Search

Ready for School to Start? For Most Students, Not So Fast. - The New York Times

paksijenong.blogspot.com

[Want to get New York Today by email? Here’s the sign-up.]

It’s Friday.

Weather: Partly sunny, breezy and cooler, with a high from the mid-60s to near 70. Over the weekend, it’ll be sunny and crisp, with highs in the mid-60s.

Alternate-side parking: In effect today. Suspended tomorrow for Rosh Hashana. Read about the amended regulations here.


Credit...James Estrin/The New York Times

Parents, students, administrators and teachers were already waiting 10 days beyond the scheduled reopening date for New York City’s public schools to resume in-person learning.

Mayor Bill de Blasio announced on Thursday that most of them will have to wait a little more.

The decision came only days before schools were set to open their doors on Monday, and led to frustration and anger for many of the people involved, especially parents, who now have to make arrangements for their children with little lead time.

[New York City will again delay start of in-person classes for most students.]

Here’s what you need to know about the new plan, and the rationale for it:

In-person learning will resume in phases instead of all at once. Next Monday, pre-K and advanced special-needs classes will open; on Sept. 29, elementary schools will begin; and middle and high schools will start up on Oct. 1.

On Monday, many students will start the school year remotely, like those in most big cities around the country, which have opted to stick with online learning.

The phased approach is a dramatic, 11th-hour change from the original reopening plan, which we detailed earlier this week.

“We are doing this to make sure that all the standards we’ve set can be achieved,” Mr. de Blasio said on Thursday.

Mr. de Blasio said he was persuaded to further delay reopening after a lengthy conversation with the heads of the teachers’ and principals’ unions and senior mayoral aides on Wednesday.

The mayor said one of the main reasons for the latest delay was an acute teacher shortage, an issue that had led the union leaders to warn for weeks that schools were not ready to reopen.

[How New York City’s plan to open schools fell apart.]

Mr. de Blasio did not elaborate on why he waited so long to recognize the gravity of the staffing issue, which arose because the city and the teachers’ union agreed that educators should not be required to teach both remotely and in person — so schools essentially need two sets of teachers.

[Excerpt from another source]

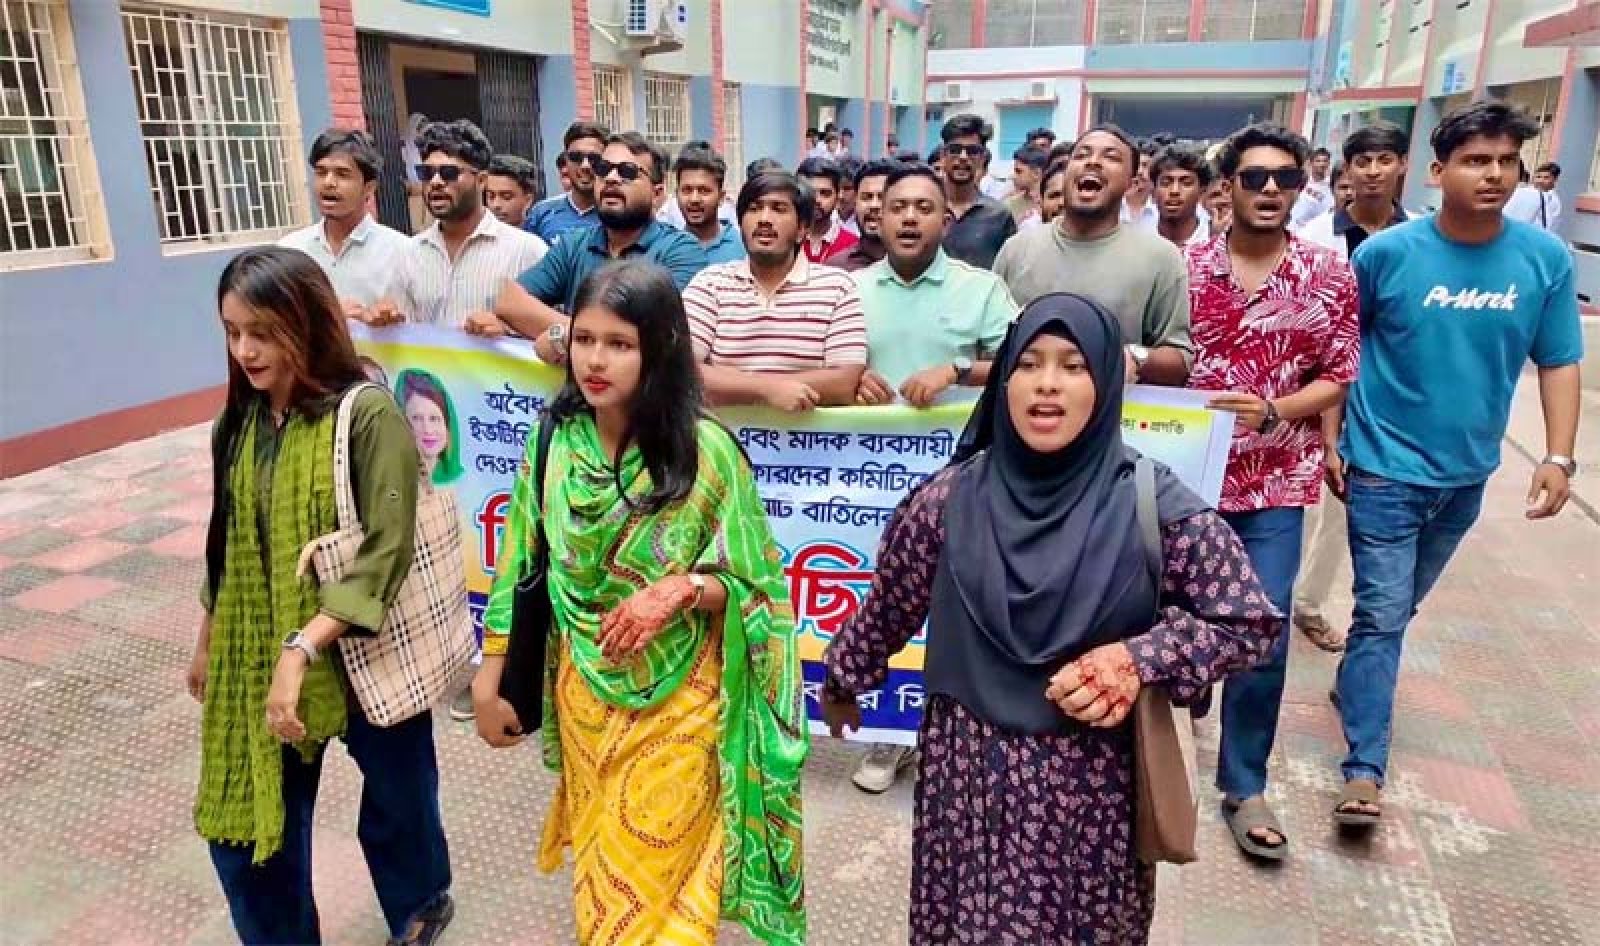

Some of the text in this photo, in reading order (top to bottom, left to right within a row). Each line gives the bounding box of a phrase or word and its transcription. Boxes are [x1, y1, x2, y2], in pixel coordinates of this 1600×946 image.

[738, 427, 781, 451] এবং
[787, 430, 852, 451] মাদক
[857, 429, 954, 458] ব্যবসায়ী

The principals’ union estimated that the city could need as many as 10,000 educators; a Thursday report from the city’s Independent Budget Office put the number closer to 12,000.

Earlier this week, Mr. de Blasio announced that the city planned to hire 2,000 more educators, and on Thursday he said the city would add an additional 2,500.

Many educators, parents and elected officials were furious about the delay, especially since it came with so little warning. Hundreds of principals had publicly beseeched the city for weeks to hold back in-person classes, only to hear about the delay on the news.

“I’m beginning to think this is part of a secret plan to mentally and emotionally break me,” Michael Perlberg, the principal of a middle school in Brooklyn, wrote on Twitter.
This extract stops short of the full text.